En voici le dessin :
Chapiteau de l'église
Ces essais de reproduction par la sculpture de l'image de personnages connus ne sont pas sans exemple à cette époque.
Dans la belle cathédrale de Tournai, reconstruite aux XIe et XIIe siècles, on voit sur un chapiteau, près la porte nord, les portraits figurés du roi Chilpéric et de sa femme lui donnant le sceptre. On sait que c'est à Frédégonde qui, sans scrupule, avait fait poignarder Sigebert vainqueur, que Chilpéric dut la couronne. Plus tard ce dernier, en expiation de ses fautes et de celles de sa femme, qui n'étaient pas des peccadilles, fit à l'église de Tournai des donations considérables, en mémoire desquelles, sans doute, on a placé là l'image du mari et de la femme(1).
(1) Ce chapiteau, qui a quelque analogie avec celui de Montataire, a été gravé dans le Tournai ancien et moderne, de Bozière, p. 376.

Les portraits d'Edouard III, roi d'Angleterre, et de Philippe, son épouse, se voient aussi sculptés dans le chœur de l'église de l'hôpital Sainte-Catherine de Londres, élevée par eux.

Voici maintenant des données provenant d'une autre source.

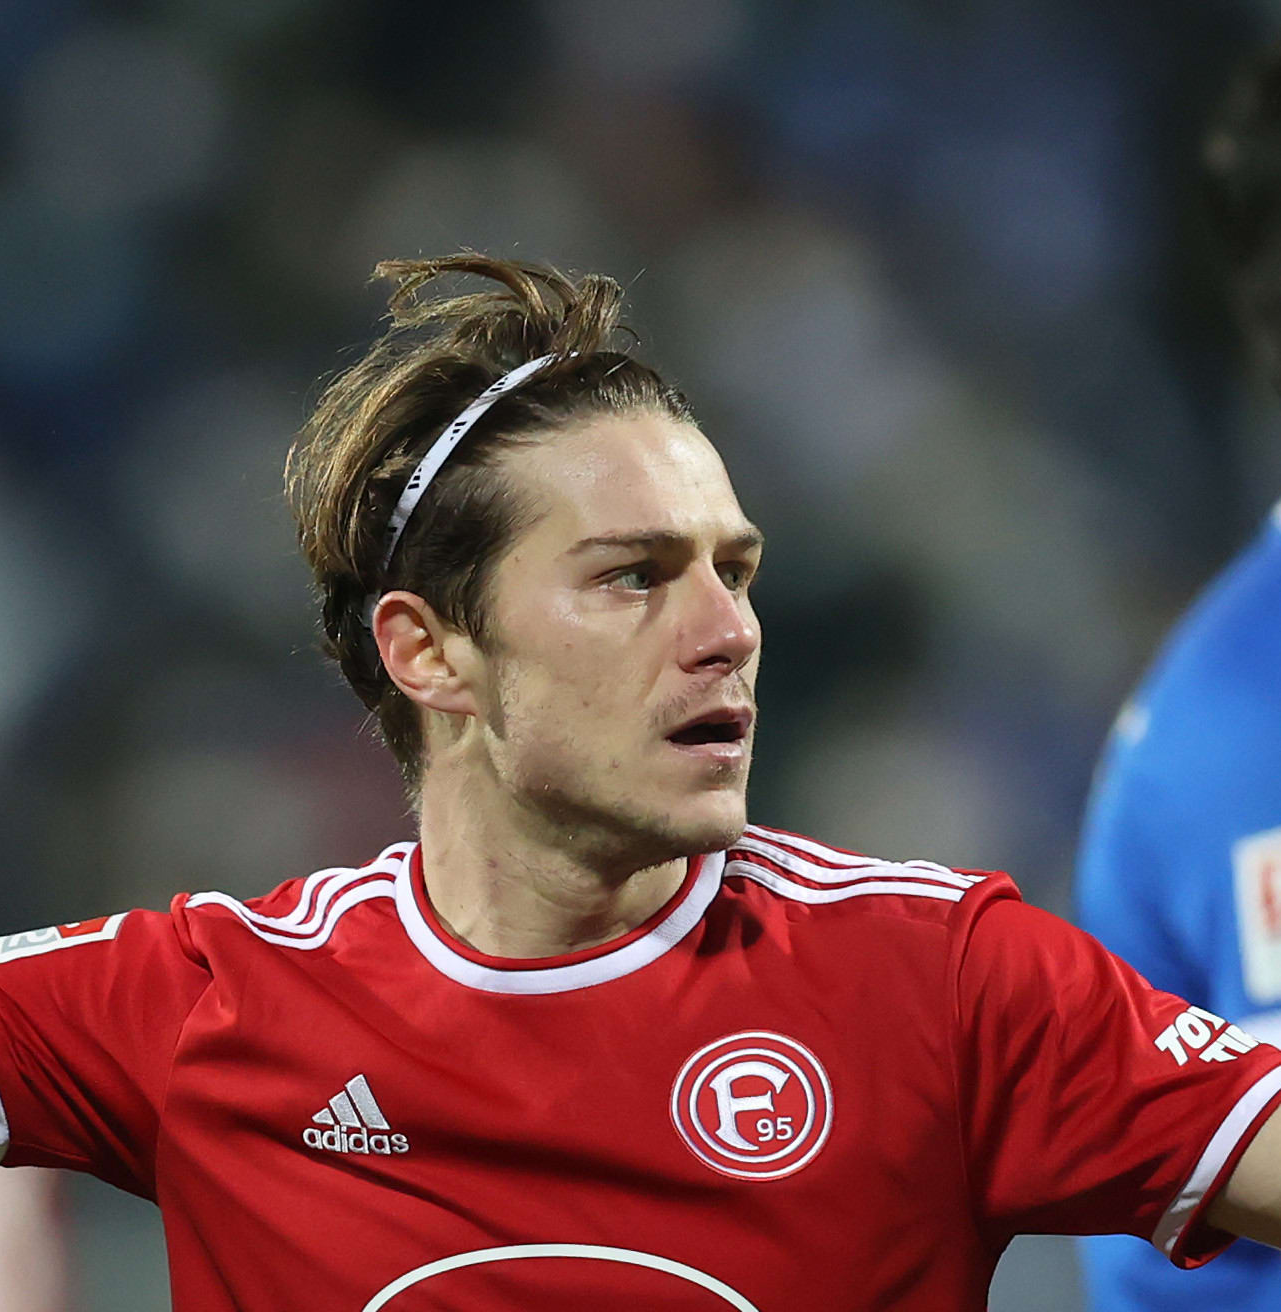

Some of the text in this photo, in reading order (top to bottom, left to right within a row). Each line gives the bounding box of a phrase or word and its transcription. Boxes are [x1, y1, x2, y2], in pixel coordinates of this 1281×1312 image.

[709, 1061, 794, 1151] F 95
[302, 1124, 410, 1155] adidas
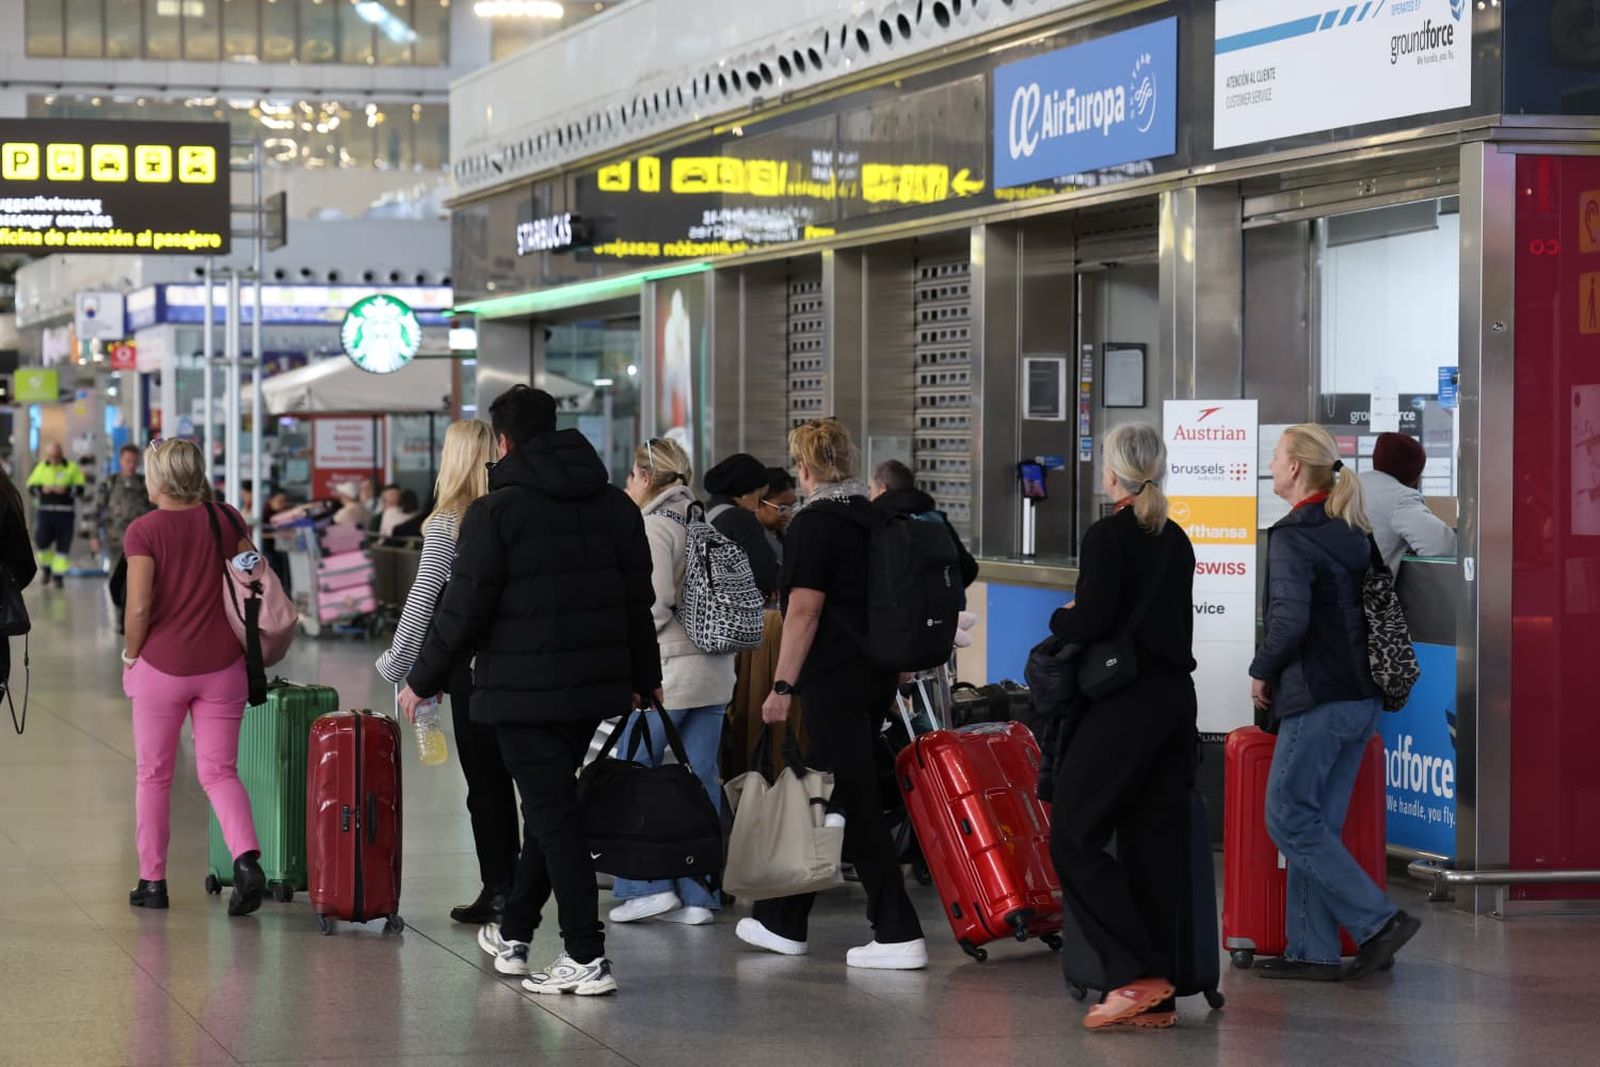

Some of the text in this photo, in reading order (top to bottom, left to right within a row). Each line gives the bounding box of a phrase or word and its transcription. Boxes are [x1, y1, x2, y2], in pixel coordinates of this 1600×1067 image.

[1390, 19, 1454, 65] groundforce
[1256, 66, 1276, 83] CLIENTE
[1041, 84, 1125, 140] AirEuropa
[44, 228, 65, 246] de
[66, 229, 134, 246] atención
[136, 229, 152, 246] al
[153, 230, 221, 249] pasajero
[1173, 424, 1246, 441] Austrian
[1171, 463, 1225, 475] brussels
[1186, 523, 1248, 538] fthansa
[1195, 562, 1246, 575] SWISS
[1386, 795, 1456, 828] We handle, you fly.

Indépendamment de la transformation apportée à l'église de Montataire, Rogues et sa femme en firent édifier les bas-côtés et le portail principal, ainsi que le portail latéral, exclusivement réservé à l'usage du château, auquel il communique par un petit escalier de pierre. Dans le tympan de ce dernier portail on a enclavé, au XVIe siècle, une sculpture représentant l'Annonciation.
L'église était dédiée à la sainte Vierge, sous le vocable de Notre-Dame du Mont.

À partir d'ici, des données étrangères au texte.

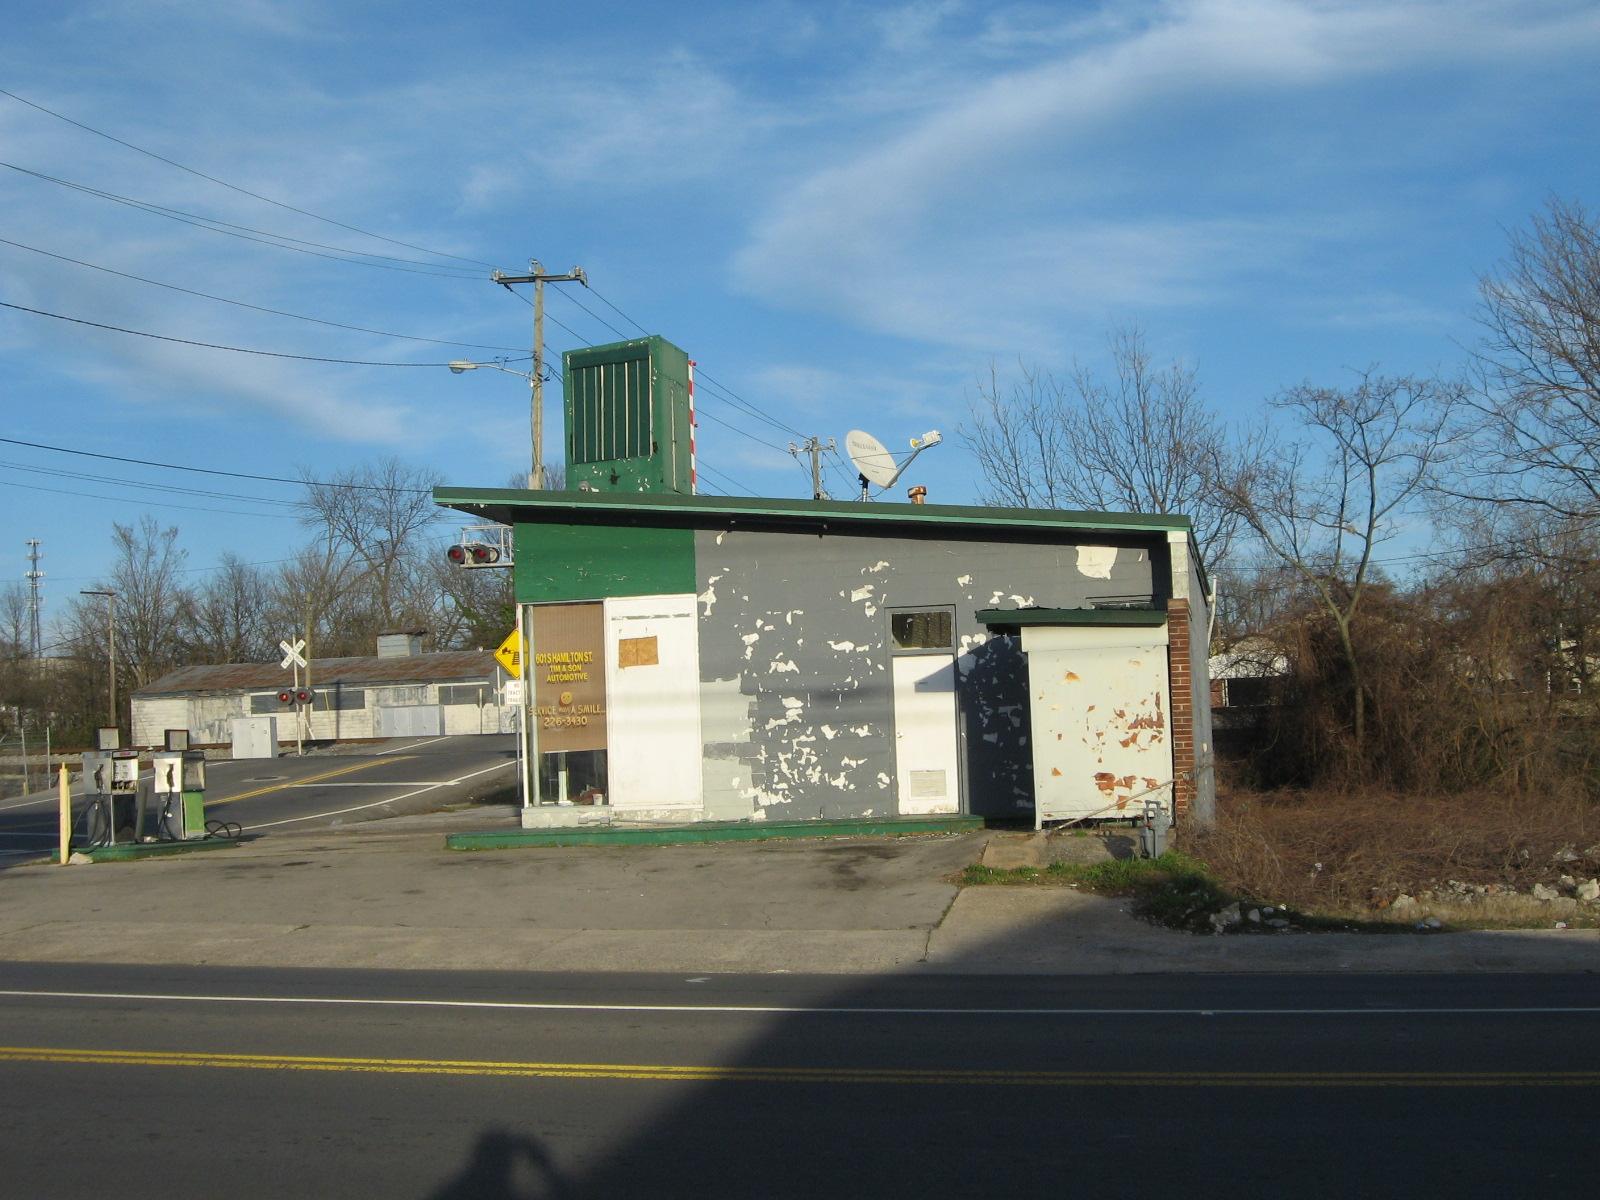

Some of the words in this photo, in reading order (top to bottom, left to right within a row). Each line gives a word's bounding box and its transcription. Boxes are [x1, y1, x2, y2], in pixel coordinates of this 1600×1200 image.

[552, 651, 583, 663] HAMILTON
[567, 664, 582, 672] SON
[546, 672, 588, 682] AUTOMOTIVE
[544, 716, 588, 727] 226-3430

En remaniant et embellissant la nef de Hugues de Clermont, et en y ajoutant les bas-côtés, Rogues et Mathilde avaient vraisemblablement l'intention de lui donner une plus grande élévation et de remplacer la voûte primitive, qui est en bois et à plein cintre, par une voûte plus hardie, car on remarque, en dehors de l'église, la base d'énormes contreforts destinés à être prolongés et à soutenir de fortes poussées.
Le projet est resté inachevé. Nous verrons tout à l'heure comment les successeurs de Rogues de la Tournelle, quand ils virent, un peu plus tard, l'ogive prendre tout son essor, substituèrent à l'exécution de ce plan la construction d'un admirable sanctuaire dans le grand style du XIIIe siècle.